▶ **WHAT IS NEEDED**:
Every record shown here needs to be repeated exactly.

▶ **DATA FOR ANALYSIS**:
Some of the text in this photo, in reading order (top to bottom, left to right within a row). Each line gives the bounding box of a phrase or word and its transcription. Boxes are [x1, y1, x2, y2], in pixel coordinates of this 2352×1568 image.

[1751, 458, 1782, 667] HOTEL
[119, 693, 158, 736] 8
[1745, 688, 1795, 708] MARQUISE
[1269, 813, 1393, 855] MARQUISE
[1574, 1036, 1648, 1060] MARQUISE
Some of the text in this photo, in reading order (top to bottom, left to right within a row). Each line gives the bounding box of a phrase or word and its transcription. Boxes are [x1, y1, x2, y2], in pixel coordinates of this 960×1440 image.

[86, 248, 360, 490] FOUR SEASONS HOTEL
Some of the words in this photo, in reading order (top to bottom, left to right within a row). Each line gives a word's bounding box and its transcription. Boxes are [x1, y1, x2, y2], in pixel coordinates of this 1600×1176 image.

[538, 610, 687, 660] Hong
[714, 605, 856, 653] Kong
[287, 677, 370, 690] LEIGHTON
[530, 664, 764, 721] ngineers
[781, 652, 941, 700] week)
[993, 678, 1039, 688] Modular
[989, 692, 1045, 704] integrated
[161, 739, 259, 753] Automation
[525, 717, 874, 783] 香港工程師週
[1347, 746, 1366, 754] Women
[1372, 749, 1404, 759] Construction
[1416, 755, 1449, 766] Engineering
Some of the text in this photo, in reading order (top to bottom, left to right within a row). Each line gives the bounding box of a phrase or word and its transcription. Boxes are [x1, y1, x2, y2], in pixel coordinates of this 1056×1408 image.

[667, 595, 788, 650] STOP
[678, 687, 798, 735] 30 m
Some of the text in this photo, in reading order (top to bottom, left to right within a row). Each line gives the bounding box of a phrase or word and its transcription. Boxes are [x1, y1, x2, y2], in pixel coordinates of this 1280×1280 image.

▶ **ANSWER BELOW**:
Some of the text in this photo, in reading order (top to bottom, left to right within a row). Each line gives the bounding box of a phrase or word and its transcription. Boxes are [x1, y1, x2, y2], in pixel coordinates of this 2352×1568 image.

[1751, 458, 1782, 667] HOTEL
[119, 693, 158, 736] 8
[1745, 688, 1795, 708] MARQUISE
[1269, 813, 1393, 855] MARQUISE
[1574, 1036, 1648, 1060] MARQUISE
Some of the text in this photo, in reading order (top to bottom, left to right within a row). Each line gives the bounding box of a phrase or word and its transcription. Boxes are [x1, y1, x2, y2], in pixel coordinates of this 960×1440 image.

[86, 248, 360, 490] FOUR SEASONS HOTEL
Some of the words in this photo, in reading order (top to bottom, left to right within a row). Each line gives a word's bounding box and its transcription. Boxes are [x1, y1, x2, y2], in pixel coordinates of this 1600×1176 image.

[538, 610, 687, 660] Hong
[714, 605, 856, 653] Kong
[287, 677, 370, 690] LEIGHTON
[530, 664, 764, 721] ngineers
[781, 652, 941, 700] week)
[993, 678, 1039, 688] Modular
[989, 692, 1045, 704] integrated
[161, 739, 259, 753] Automation
[525, 717, 874, 783] 香港工程師週
[1347, 746, 1366, 754] Women
[1372, 749, 1404, 759] Construction
[1416, 755, 1449, 766] Engineering
Some of the text in this photo, in reading order (top to bottom, left to right within a row). Each line gives the bounding box of a phrase or word and its transcription. Boxes are [x1, y1, x2, y2], in pixel coordinates of this 1056×1408 image.

[667, 595, 788, 650] STOP
[678, 687, 798, 735] 30 m
Some of the text in this photo, in reading order (top to bottom, left to right within a row). Each line gives the bounding box of a phrase or word and its transcription. Boxes are [x1, y1, x2, y2], in pixel coordinates of this 1280×1280 image.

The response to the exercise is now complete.